AssemblyAI has launched its latest speech recognition model, Universal-1, which sets a new benchmark for automatic speech recognition (ASR) accuracy. The model is designed to achieve near-human transcription accuracy even in challenging audio environments with accents, background noise, and complex phrases. According to AssemblyAI, the Universal-1 model is now accessible through the same web API as the previous ASR model.

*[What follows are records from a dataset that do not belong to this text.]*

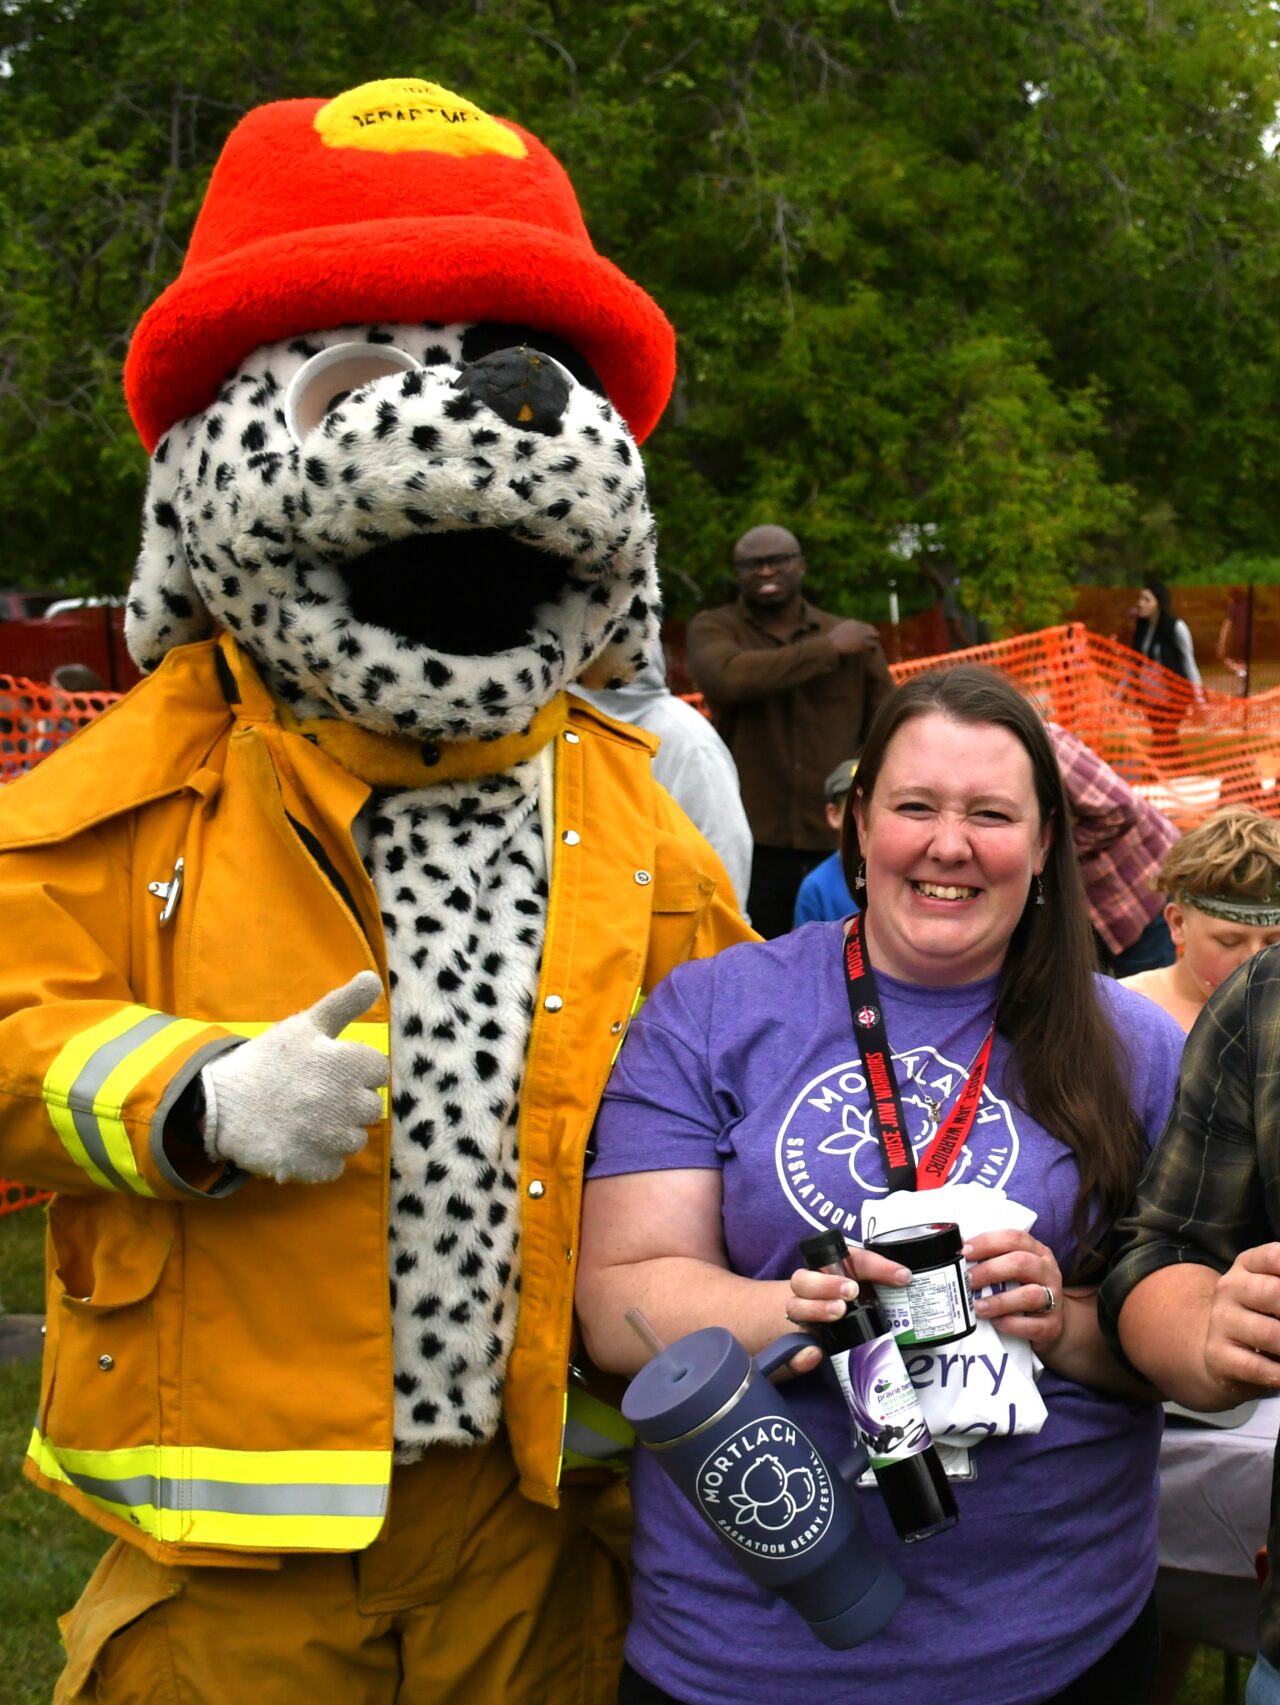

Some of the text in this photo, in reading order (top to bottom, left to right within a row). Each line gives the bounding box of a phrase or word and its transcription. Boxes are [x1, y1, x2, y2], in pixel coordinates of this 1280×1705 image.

[808, 1056, 1001, 1125] MOTLAH
[865, 1052, 893, 1101] WARRIORS
[877, 1102, 898, 1130] JAW
[882, 1131, 907, 1168] MOOSE
[925, 1063, 985, 1178] MOOSE JAW WARRIORS
[787, 1138, 857, 1231] SASKATOON
[905, 1353, 1009, 1396] erry
[703, 1423, 796, 1503] MORTLACH
[718, 1451, 830, 1553] SASKATOON BERRY FESTIVAL

New pricing tiers for Universal-1
With the launch of Universal-1, AssemblyAI has unveiled two new pricing tiers: Best and Nano. The top tier is optimized for maximum accuracy, while the nano tier provides a cost-effective solution supporting transcription in 99 languages. This flexibility allows developers to choose the right balance of accuracy and cost to fit their specific needs.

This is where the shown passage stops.